Exercise requirements » Once the data has been read, restate all of it exactly.
+ + + + +
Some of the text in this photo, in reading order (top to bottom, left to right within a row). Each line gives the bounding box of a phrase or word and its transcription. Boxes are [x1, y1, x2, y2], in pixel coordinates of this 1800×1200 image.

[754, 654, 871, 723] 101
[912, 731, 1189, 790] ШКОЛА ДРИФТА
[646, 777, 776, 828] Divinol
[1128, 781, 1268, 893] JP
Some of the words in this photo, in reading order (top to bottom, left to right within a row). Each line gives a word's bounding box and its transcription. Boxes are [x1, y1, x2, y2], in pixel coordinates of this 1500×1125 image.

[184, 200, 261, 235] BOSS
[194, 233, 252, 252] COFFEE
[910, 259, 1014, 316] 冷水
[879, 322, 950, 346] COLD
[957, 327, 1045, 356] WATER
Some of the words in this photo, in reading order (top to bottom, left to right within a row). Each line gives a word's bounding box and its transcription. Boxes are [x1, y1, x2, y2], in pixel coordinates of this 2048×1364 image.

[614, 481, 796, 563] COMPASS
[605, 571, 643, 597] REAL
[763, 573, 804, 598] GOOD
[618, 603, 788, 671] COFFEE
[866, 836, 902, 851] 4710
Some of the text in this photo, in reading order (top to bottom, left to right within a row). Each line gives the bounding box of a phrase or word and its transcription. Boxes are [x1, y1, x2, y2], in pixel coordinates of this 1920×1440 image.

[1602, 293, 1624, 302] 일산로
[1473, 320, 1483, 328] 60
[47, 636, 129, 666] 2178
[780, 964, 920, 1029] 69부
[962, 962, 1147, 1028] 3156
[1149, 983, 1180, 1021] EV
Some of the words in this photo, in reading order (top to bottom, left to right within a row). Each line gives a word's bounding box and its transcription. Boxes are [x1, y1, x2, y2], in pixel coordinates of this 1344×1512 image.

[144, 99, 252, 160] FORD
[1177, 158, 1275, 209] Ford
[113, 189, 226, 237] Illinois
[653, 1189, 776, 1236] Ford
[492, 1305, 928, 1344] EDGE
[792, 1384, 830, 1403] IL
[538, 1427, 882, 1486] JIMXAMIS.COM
+ + + + +
Problem solution »
Some of the text in this photo, in reading order (top to bottom, left to right within a row). Each line gives the bounding box of a phrase or word and its transcription. Boxes are [x1, y1, x2, y2], in pixel coordinates of this 1800×1200 image.

[754, 654, 871, 723] 101
[912, 731, 1189, 790] ШКОЛА ДРИФТА
[646, 777, 776, 828] Divinol
[1128, 781, 1268, 893] JP
Some of the words in this photo, in reading order (top to bottom, left to right within a row). Each line gives a word's bounding box and its transcription. Boxes are [x1, y1, x2, y2], in pixel coordinates of this 1500×1125 image.

[184, 200, 261, 235] BOSS
[194, 233, 252, 252] COFFEE
[910, 259, 1014, 316] 冷水
[879, 322, 950, 346] COLD
[957, 327, 1045, 356] WATER
Some of the words in this photo, in reading order (top to bottom, left to right within a row). Each line gives a word's bounding box and its transcription. Boxes are [x1, y1, x2, y2], in pixel coordinates of this 2048×1364 image.

[614, 481, 796, 563] COMPASS
[605, 571, 643, 597] REAL
[763, 573, 804, 598] GOOD
[618, 603, 788, 671] COFFEE
[866, 836, 902, 851] 4710
Some of the text in this photo, in reading order (top to bottom, left to right within a row). Each line gives the bounding box of a phrase or word and its transcription. Boxes are [x1, y1, x2, y2], in pixel coordinates of this 1920×1440 image.

[1602, 293, 1624, 302] 일산로
[1473, 320, 1483, 328] 60
[47, 636, 129, 666] 2178
[780, 964, 920, 1029] 69부
[962, 962, 1147, 1028] 3156
[1149, 983, 1180, 1021] EV
Some of the words in this photo, in reading order (top to bottom, left to right within a row). Each line gives a word's bounding box and its transcription. Boxes are [x1, y1, x2, y2], in pixel coordinates of this 1344×1512 image.

[144, 99, 252, 160] FORD
[1177, 158, 1275, 209] Ford
[113, 189, 226, 237] Illinois
[653, 1189, 776, 1236] Ford
[492, 1305, 928, 1344] EDGE
[792, 1384, 830, 1403] IL
[538, 1427, 882, 1486] JIMXAMIS.COM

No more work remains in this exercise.